Sunday, November 8, 2009

Now We're Getting Somewhere

I have two different rotations to tell you about this week.

The first one was not officially a “rotation” but was still a lot of fun and I learned a good deal. For two days I shadowed Michelle Babb, a private practice dietitian who also happens to be an instructor at Bastyr so we knew each other ahead of time (always nice to see a familiar face during a transitional time like this internship). It was fairly leisurely, as she had a couple of no-shows, so we talked a lot about the challenges of private practice, about my plans for the future, and about nutritional approaches to different types of problems and different kinds of people.

For the patients that we did see, I was interested in observing a professionally-run nutrition appointment from start to finish. All the appointments were follow-ups so I missed out a bit on the original intake, but was able instead to witness the positive impact Michelle’s counseling had on these people’s lives. Michelle was very generous in asking for my input during appointments and letting me work with her on charting. It was a great introduction to my rotation the following week at the Bastyr Center for Natural Health, which is where I had done my nutrition counseling shifts in the last year of my program.

I had six four-hour shifts, four with NDs (naturopathic doctors), one with homeopathy and one with acupuncture. All the shifts were fascinating and showed me a bigger picture of complementary medicine than I got on my nutrition shifts at BCNH. The homeopathy shift was the most foreign to me, and I did not have a chance to participate in the patient’s care because of the nature of it. Maybe I’ll write more on this later…

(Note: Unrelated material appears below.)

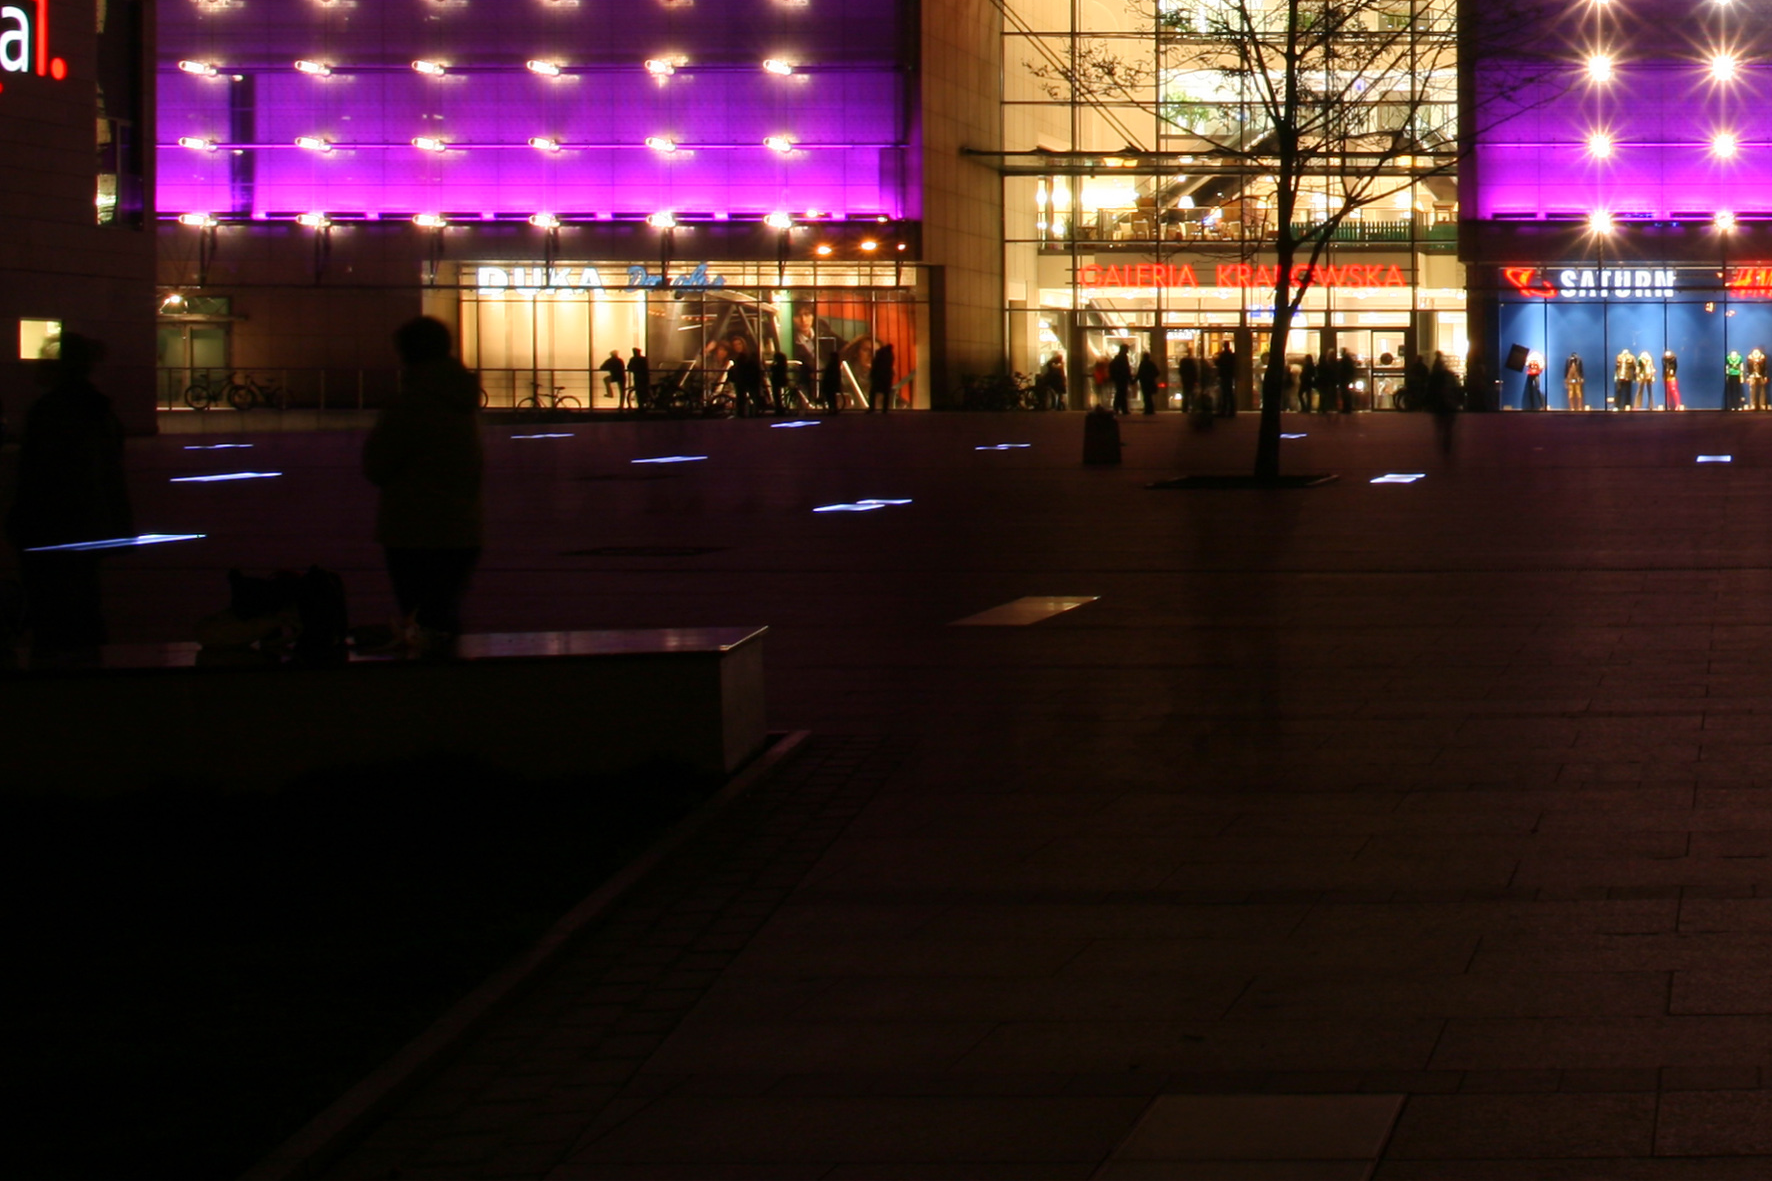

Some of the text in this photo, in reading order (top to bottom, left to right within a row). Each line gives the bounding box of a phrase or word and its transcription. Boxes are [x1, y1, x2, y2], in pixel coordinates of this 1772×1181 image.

[477, 266, 606, 296] DUKA
[626, 263, 726, 296] Doglas
[1079, 263, 1198, 288] GALERIA
[1560, 269, 1676, 298] SATURN

Each shift supervisor had their specialty but the structure was generally the same for each shift: get the bigger health picture for the patient, prioritize the most important issues and treat them, with a follow-up plan to address the other issues later. Treatments ranged from individually-formulated botanical tinctures and teas, to pharmaceutical-grade supplements, to antibiotics for a protracted case of UTI, and referrals for imaging or blood tests. In this context, nutrition issues were often supplanted (and rightly so) by more acute medical problems like head colds, shoulder pain, etc.

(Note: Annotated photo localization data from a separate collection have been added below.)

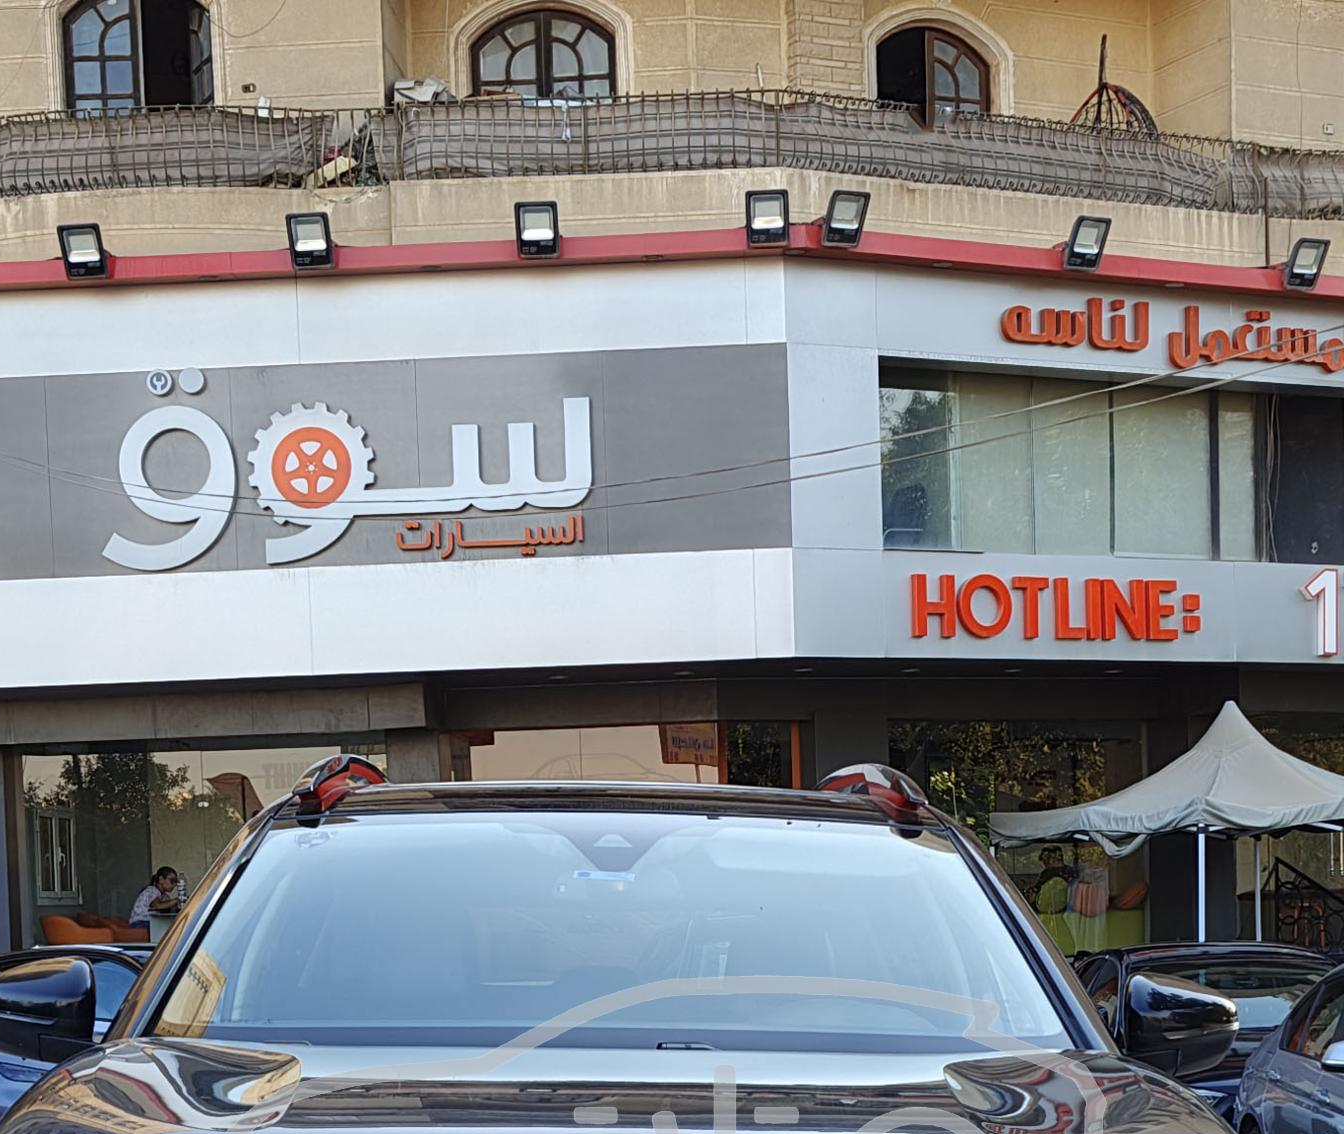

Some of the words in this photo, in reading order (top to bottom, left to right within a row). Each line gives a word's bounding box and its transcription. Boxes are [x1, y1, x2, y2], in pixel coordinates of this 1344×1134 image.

[1001, 297, 1149, 352] لناسه
[102, 367, 595, 572] سوق
[395, 515, 585, 560] السيارات
[910, 572, 1202, 643] HOTLINE:
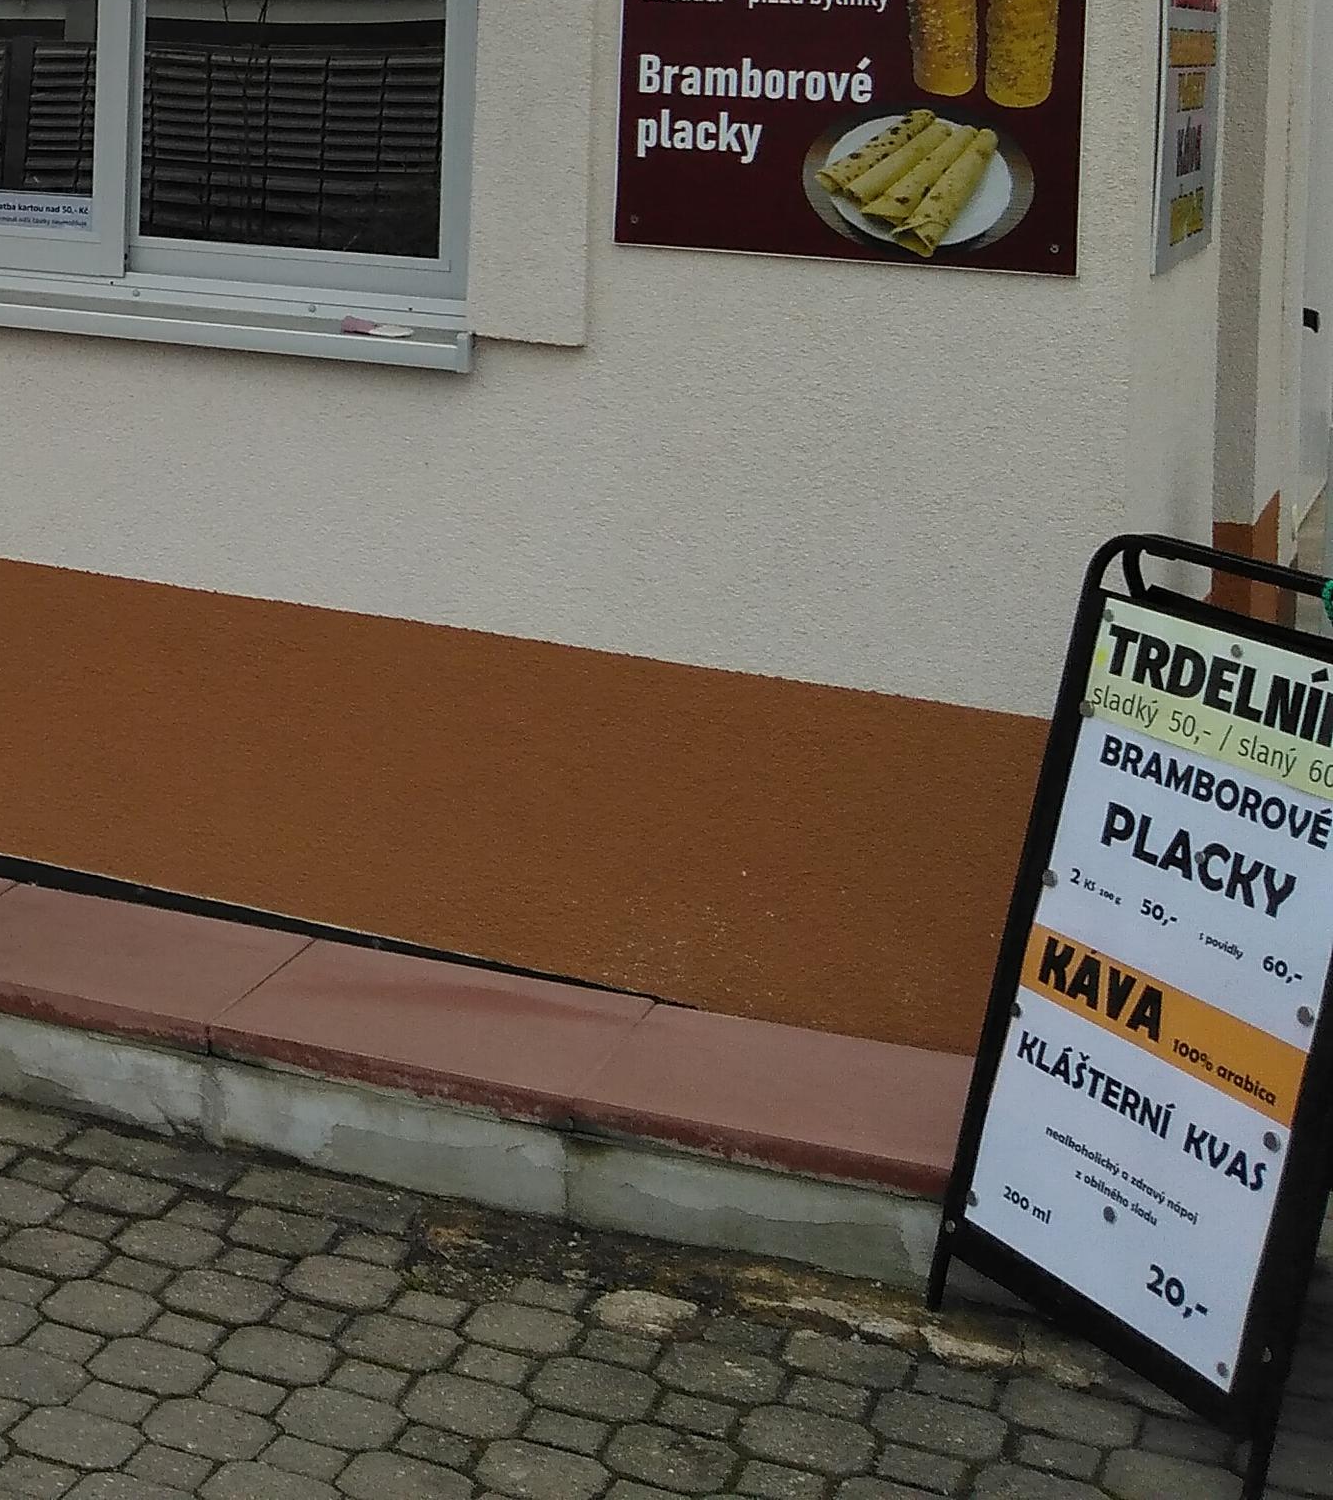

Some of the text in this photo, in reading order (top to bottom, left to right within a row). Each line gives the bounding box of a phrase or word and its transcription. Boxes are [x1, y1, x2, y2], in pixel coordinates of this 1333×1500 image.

[638, 54, 873, 103] Bramborové
[637, 110, 763, 163] placky
[18, 203, 44, 212] kartou
[45, 205, 60, 213] nad
[78, 206, 89, 214] Kč
[1093, 684, 1158, 728] sladký
[1169, 710, 1212, 746] 50,-
[1237, 735, 1298, 778] slaný
[1100, 734, 1332, 850] BRAMBOROVÉ
[1101, 801, 1298, 919] PLACKY
[1070, 868, 1081, 885] 2
[1140, 899, 1178, 926] 50,-
[1205, 934, 1244, 960] povidly
[1262, 956, 1303, 984] 60,-
[1038, 936, 1277, 1107] KÁVA 100% arabica
[1017, 1030, 1269, 1192] KLÁŠTERNÍ KVAS
[1002, 1185, 1052, 1225] 200 ml
[1045, 1126, 1120, 1176] nealkoholický
[1131, 1175, 1166, 1205] zdravý
[1167, 1198, 1199, 1226] nápoj
[1083, 1174, 1129, 1208] obilného
[1131, 1202, 1158, 1227] sladu
[1145, 1263, 1210, 1320] 20,-

However, I did my best to chime in when I thought there were ways to address the priority issues with nutrition, or when I felt that a referral to the nutrition department was called for. Most of my patient contact was very short (1-5 minutes) though I did have a 20-minute conversation with a patient with severe involuntary weight loss during which I intuited a more emotional component to the weight loss, and I shared this with the students, though I will not get to find out what the cause actually was (and therefore find out if my intuition was correct). During the midpoint, I got to do some of my handy-dandy nutrition calculations and reassure the students that the patient was still above ideal body weight, and in the end was able to give the patient some input into how to prevent further weight loss. Very satisfying. And for the last appointment of the last shift, and the highlight of my week, I gave a 30-second lesson in how to make calcium-rich bone broth for a child on a dairy-free diet.

I’d say my biggest surprise in this rotation was that I was able to convey important nutrition messages quickly that fit in with the overall plan for the patient. My other surprise was how grateful patients were for my input.

Over the next two weeks, the gears really start turning. I’m working with an outpatient diabetes program and will be teaching two or three classes, including a couple of cooking demos for National Diabetes Month. I’ll have a lot more to say about that rotation in a couple of weeks.